▶ **PROBLEM TO SOLVE**: Output every entry below word for word, minus the images.

▶ **INFORMATION PROVIDED**:
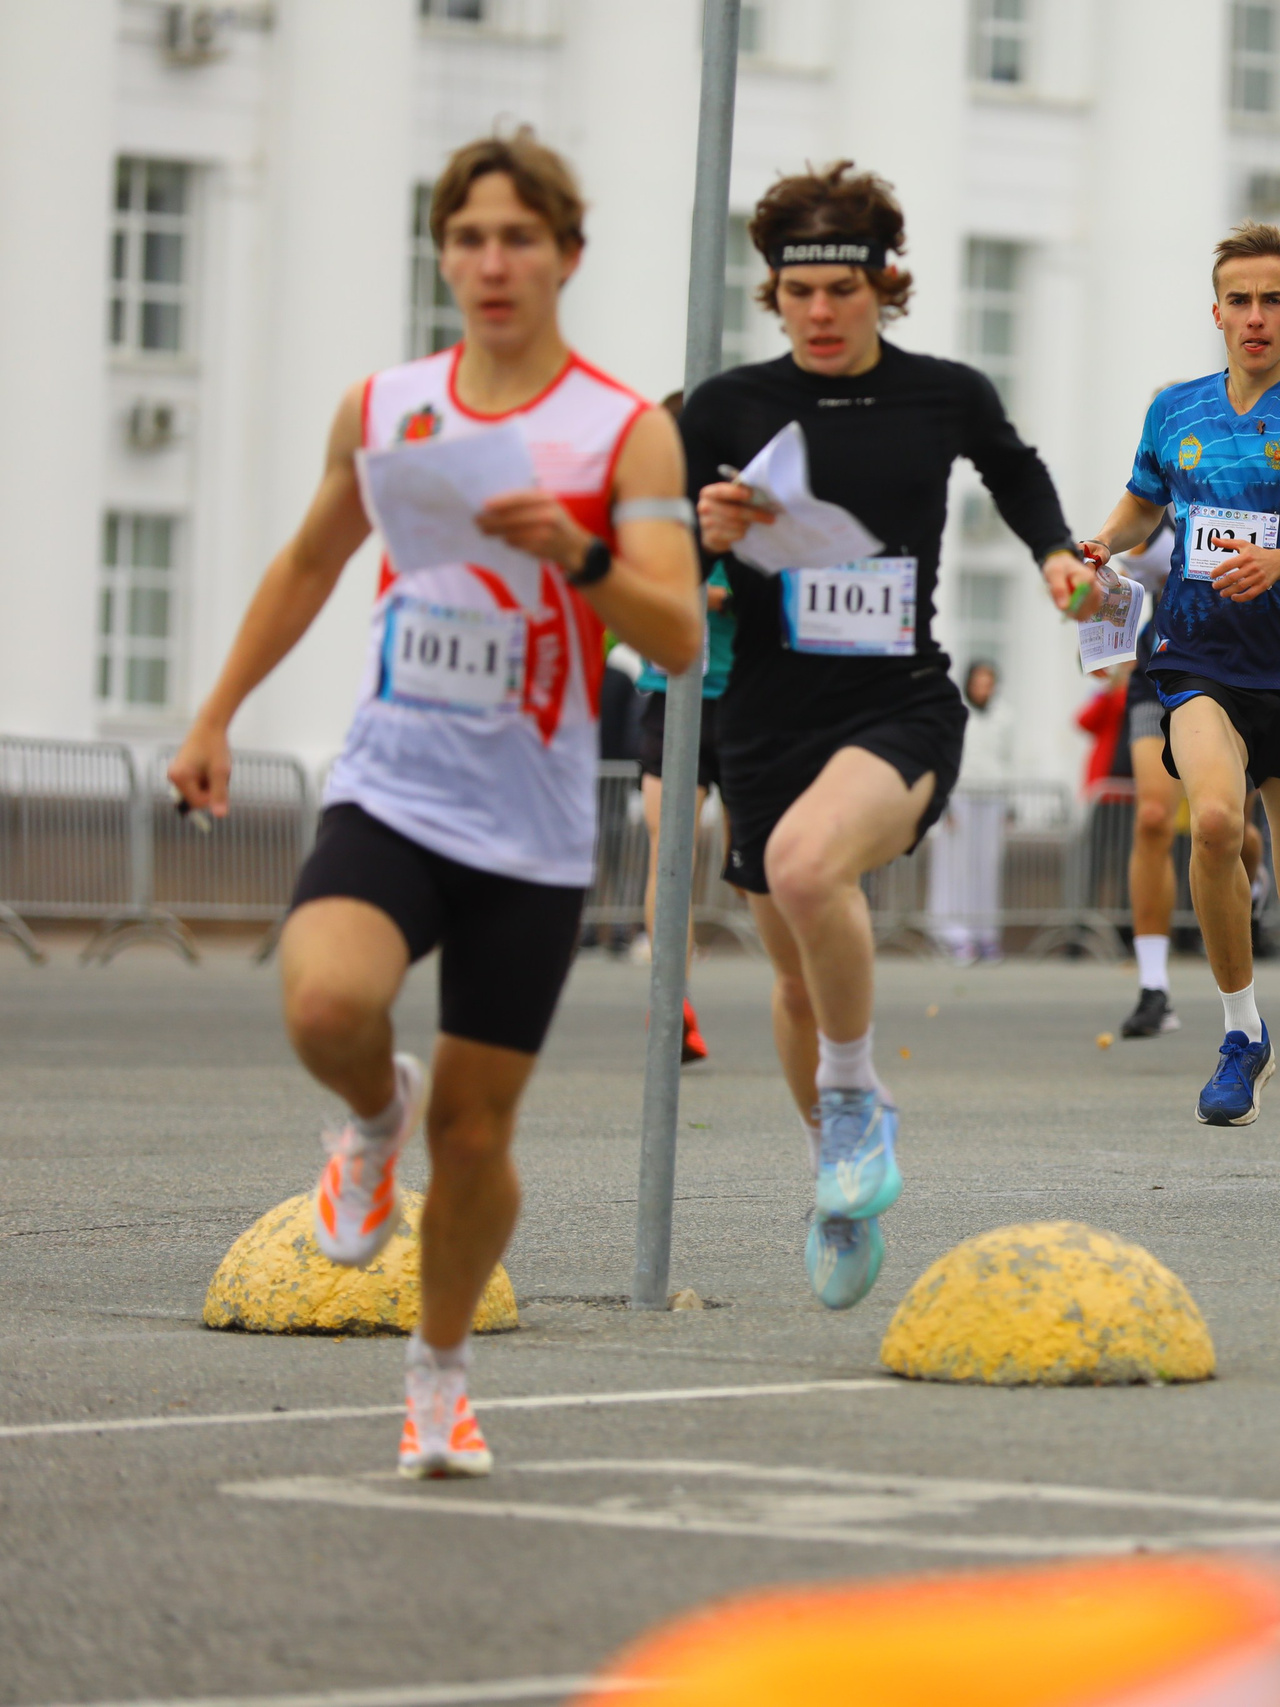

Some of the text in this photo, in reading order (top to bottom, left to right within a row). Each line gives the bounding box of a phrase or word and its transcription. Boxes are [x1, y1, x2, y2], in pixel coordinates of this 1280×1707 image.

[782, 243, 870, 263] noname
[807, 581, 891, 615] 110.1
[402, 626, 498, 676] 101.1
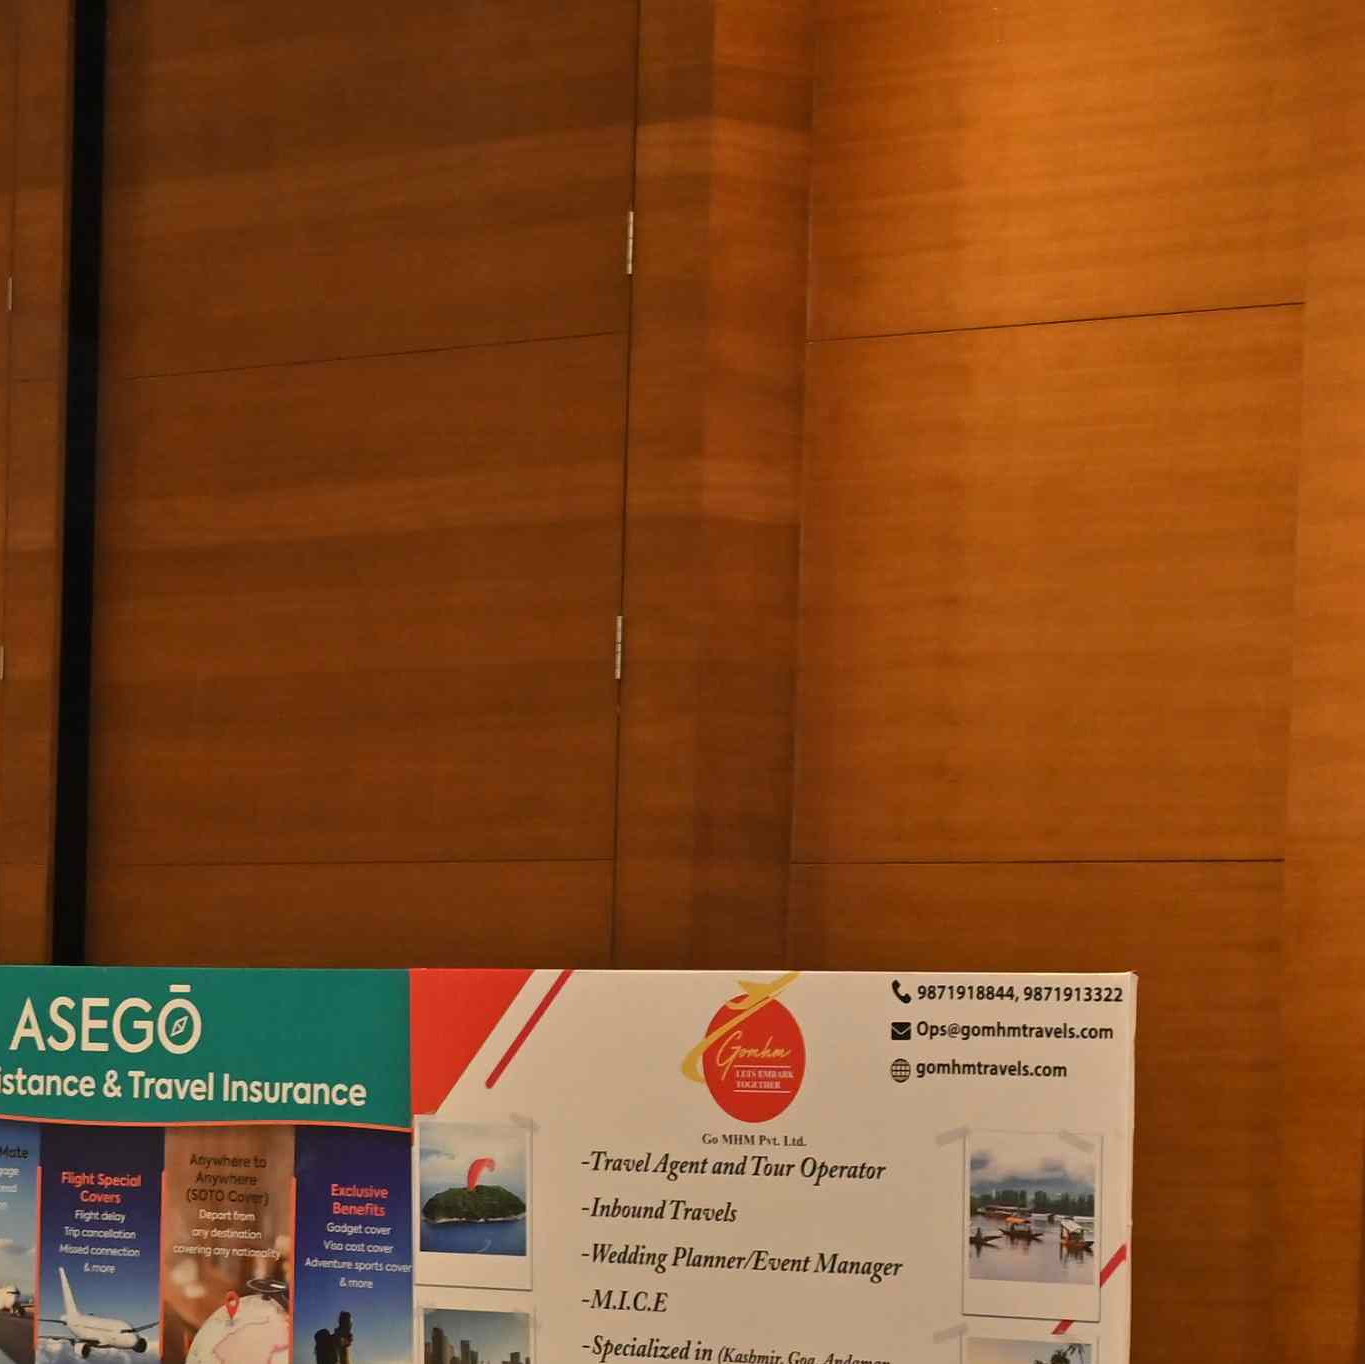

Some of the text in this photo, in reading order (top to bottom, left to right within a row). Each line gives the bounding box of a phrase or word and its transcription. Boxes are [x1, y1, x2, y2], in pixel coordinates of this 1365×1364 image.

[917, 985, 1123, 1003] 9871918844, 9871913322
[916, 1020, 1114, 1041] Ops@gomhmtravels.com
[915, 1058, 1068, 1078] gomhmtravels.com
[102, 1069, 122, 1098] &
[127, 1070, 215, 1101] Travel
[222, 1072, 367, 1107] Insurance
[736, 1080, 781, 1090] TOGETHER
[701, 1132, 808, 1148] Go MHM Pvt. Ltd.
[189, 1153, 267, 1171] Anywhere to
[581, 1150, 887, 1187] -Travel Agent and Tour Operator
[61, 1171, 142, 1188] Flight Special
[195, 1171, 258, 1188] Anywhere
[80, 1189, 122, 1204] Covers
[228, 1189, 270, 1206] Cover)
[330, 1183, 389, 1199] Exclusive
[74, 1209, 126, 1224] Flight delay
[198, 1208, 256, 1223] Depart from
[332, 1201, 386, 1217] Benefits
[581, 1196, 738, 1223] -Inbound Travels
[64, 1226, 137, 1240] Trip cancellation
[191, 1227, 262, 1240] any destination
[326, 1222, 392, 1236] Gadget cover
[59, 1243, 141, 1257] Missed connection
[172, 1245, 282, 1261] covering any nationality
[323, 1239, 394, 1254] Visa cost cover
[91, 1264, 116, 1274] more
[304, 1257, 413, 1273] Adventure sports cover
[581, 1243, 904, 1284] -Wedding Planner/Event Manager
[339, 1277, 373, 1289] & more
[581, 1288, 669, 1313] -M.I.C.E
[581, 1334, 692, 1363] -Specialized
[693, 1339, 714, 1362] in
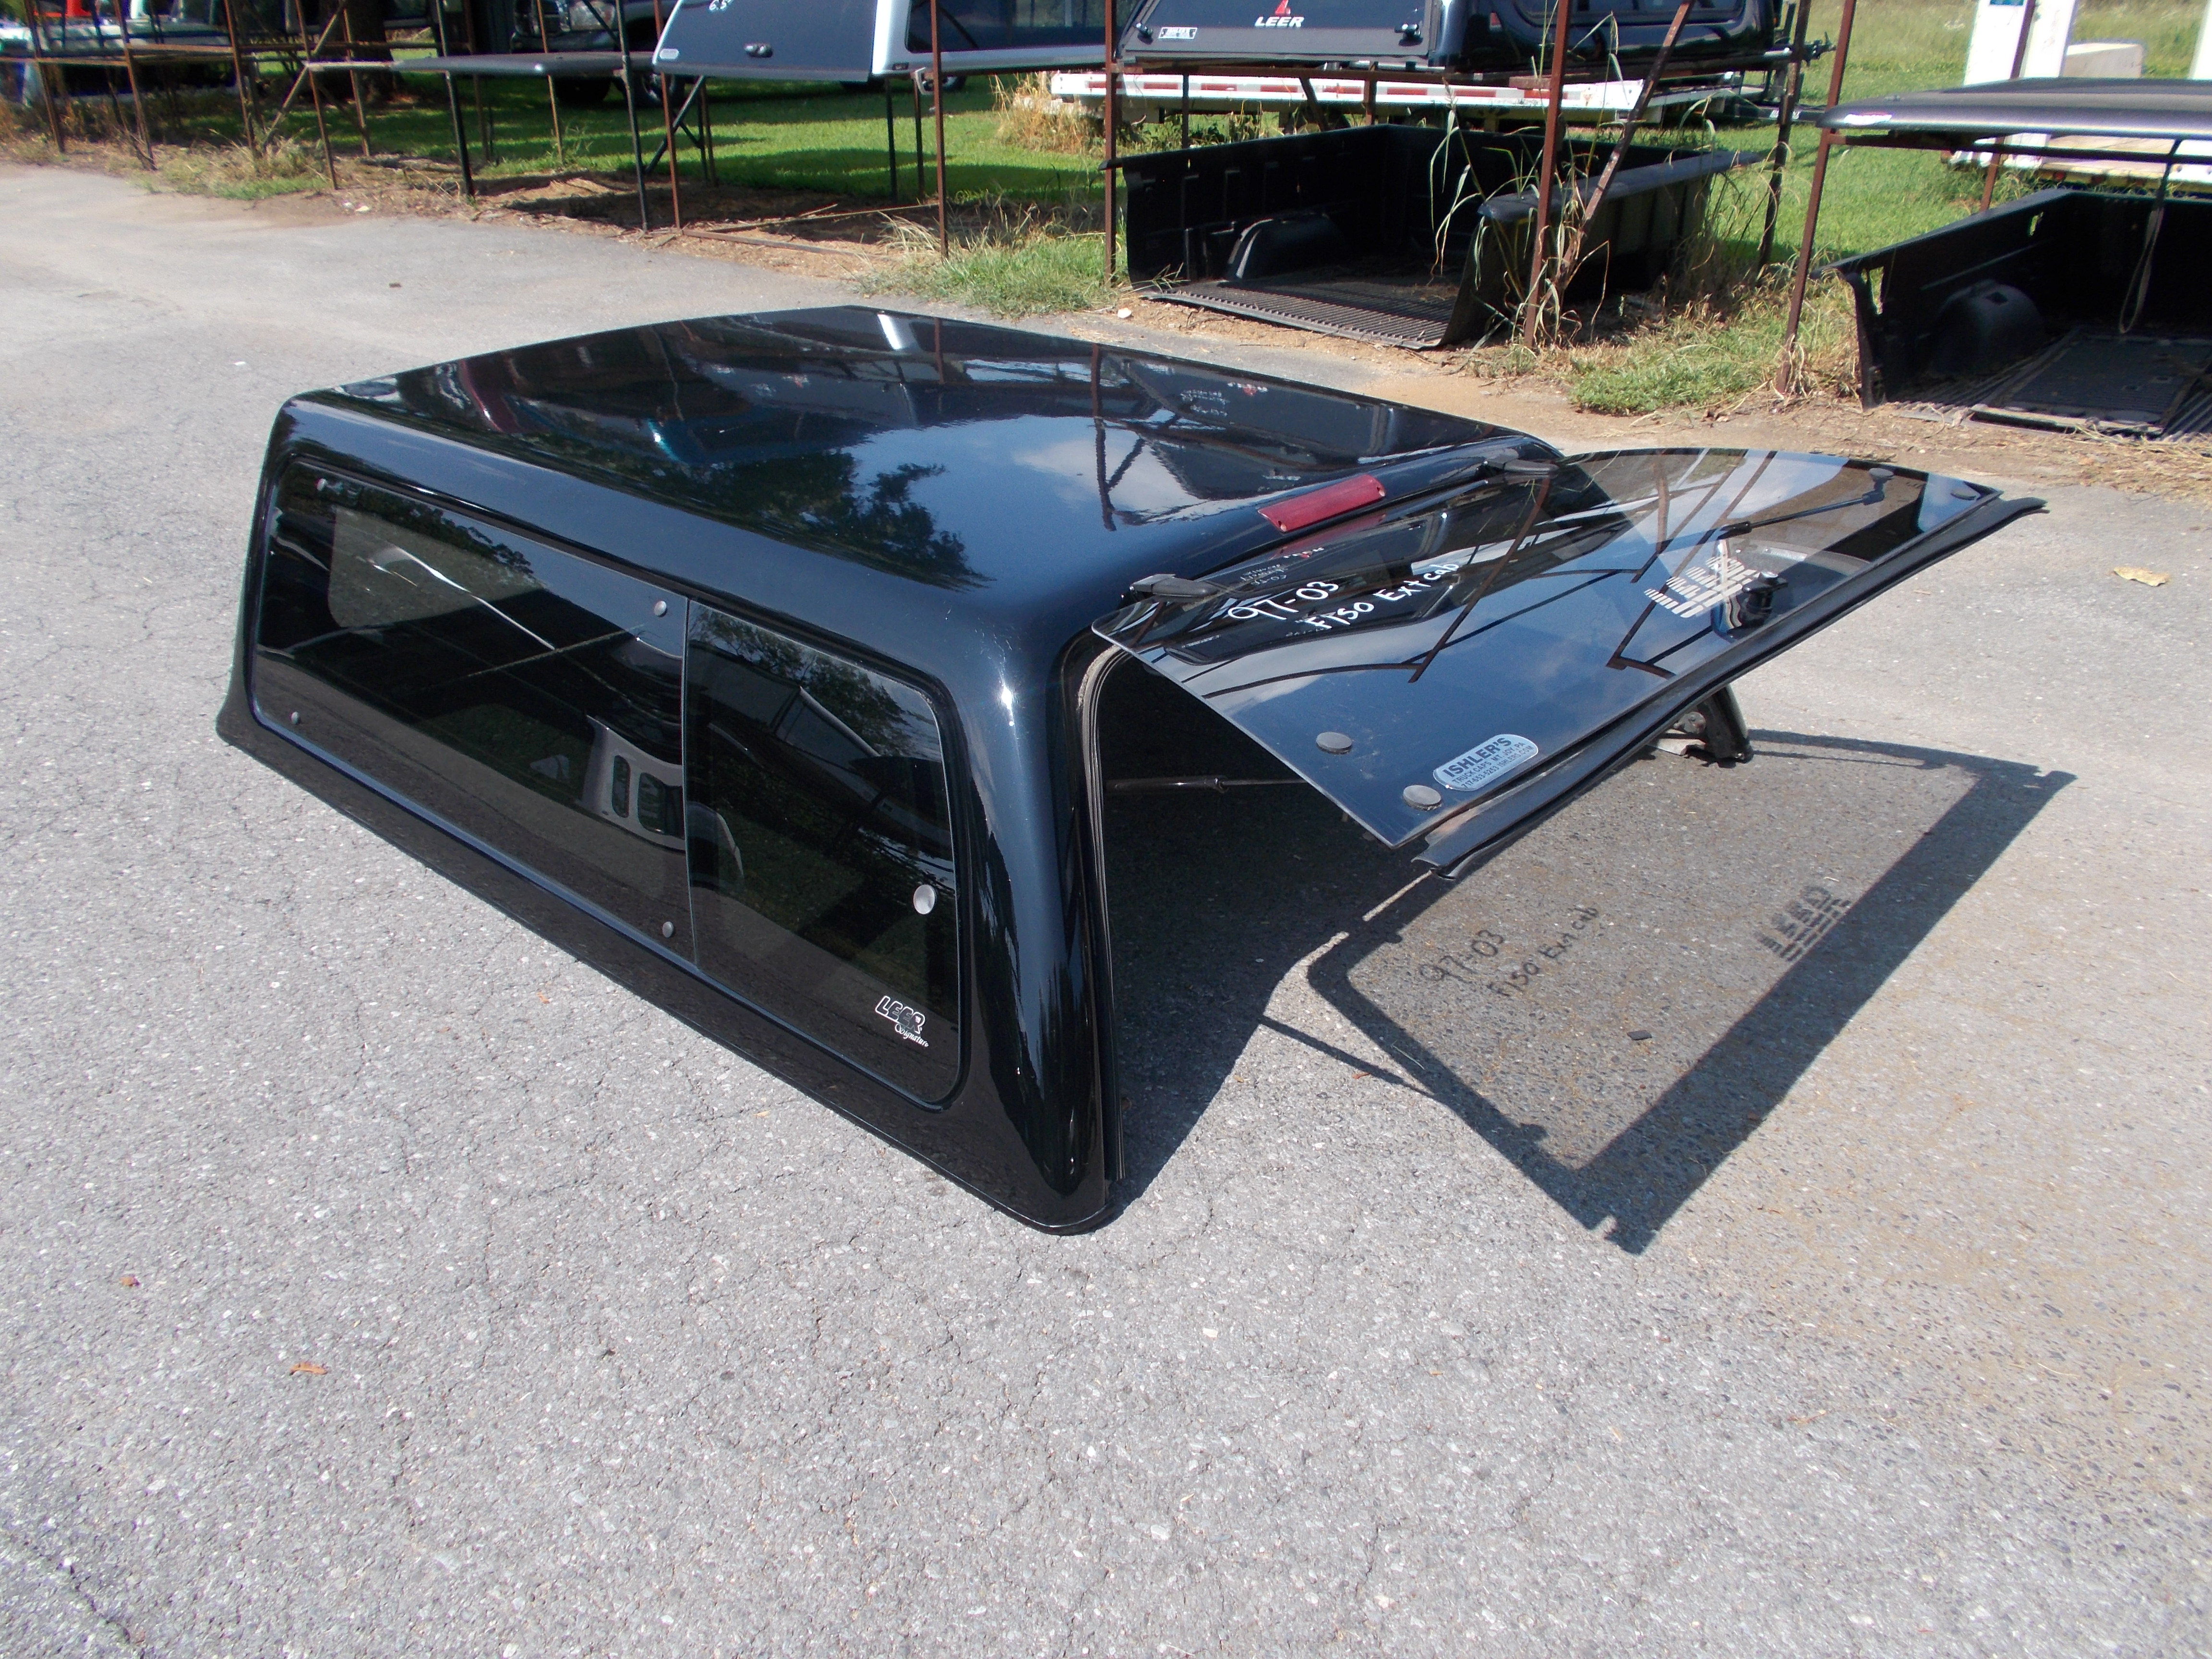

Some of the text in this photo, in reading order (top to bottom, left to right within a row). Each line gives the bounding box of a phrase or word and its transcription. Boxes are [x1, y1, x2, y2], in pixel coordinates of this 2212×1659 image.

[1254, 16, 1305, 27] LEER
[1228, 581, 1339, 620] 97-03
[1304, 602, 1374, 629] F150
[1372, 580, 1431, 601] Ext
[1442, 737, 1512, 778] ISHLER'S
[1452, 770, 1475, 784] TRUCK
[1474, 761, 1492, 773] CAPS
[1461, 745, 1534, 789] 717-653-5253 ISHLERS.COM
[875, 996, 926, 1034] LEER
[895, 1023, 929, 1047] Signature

▶ **COMPLETED EXERCISE**:
Some of the text in this photo, in reading order (top to bottom, left to right within a row). Each line gives the bounding box of a phrase or word and its transcription. Boxes are [x1, y1, x2, y2], in pixel coordinates of this 1280×1707 image.

[782, 243, 870, 263] noname
[807, 581, 891, 615] 110.1
[402, 626, 498, 676] 101.1

Some of the text in this photo, in reading order (top to bottom, left to right within a row). Each line gives the bounding box of a phrase or word and its transcription. Boxes are [x1, y1, x2, y2], in pixel coordinates of this 1365×1364 image.

[917, 985, 1123, 1003] 9871918844, 9871913322
[916, 1020, 1114, 1041] Ops@gomhmtravels.com
[915, 1058, 1068, 1078] gomhmtravels.com
[102, 1069, 122, 1098] &
[127, 1070, 215, 1101] Travel
[222, 1072, 367, 1107] Insurance
[736, 1080, 781, 1090] TOGETHER
[701, 1132, 808, 1148] Go MHM Pvt. Ltd.
[189, 1153, 267, 1171] Anywhere to
[581, 1150, 887, 1187] -Travel Agent and Tour Operator
[61, 1171, 142, 1188] Flight Special
[195, 1171, 258, 1188] Anywhere
[80, 1189, 122, 1204] Covers
[228, 1189, 270, 1206] Cover)
[330, 1183, 389, 1199] Exclusive
[74, 1209, 126, 1224] Flight delay
[198, 1208, 256, 1223] Depart from
[332, 1201, 386, 1217] Benefits
[581, 1196, 738, 1223] -Inbound Travels
[64, 1226, 137, 1240] Trip cancellation
[191, 1227, 262, 1240] any destination
[326, 1222, 392, 1236] Gadget cover
[59, 1243, 141, 1257] Missed connection
[172, 1245, 282, 1261] covering any nationality
[323, 1239, 394, 1254] Visa cost cover
[91, 1264, 116, 1274] more
[304, 1257, 413, 1273] Adventure sports cover
[581, 1243, 904, 1284] -Wedding Planner/Event Manager
[339, 1277, 373, 1289] & more
[581, 1288, 669, 1313] -M.I.C.E
[581, 1334, 692, 1363] -Specialized
[693, 1339, 714, 1362] in

Some of the text in this photo, in reading order (top to bottom, left to right within a row). Each line gives the bounding box of a phrase or word and its transcription. Boxes are [x1, y1, x2, y2], in pixel coordinates of this 2212×1659 image.

[1254, 16, 1305, 27] LEER
[1228, 581, 1339, 620] 97-03
[1304, 602, 1374, 629] F150
[1372, 580, 1431, 601] Ext
[1442, 737, 1512, 778] ISHLER'S
[1452, 770, 1475, 784] TRUCK
[1474, 761, 1492, 773] CAPS
[1461, 745, 1534, 789] 717-653-5253 ISHLERS.COM
[875, 996, 926, 1034] LEER
[895, 1023, 929, 1047] Signature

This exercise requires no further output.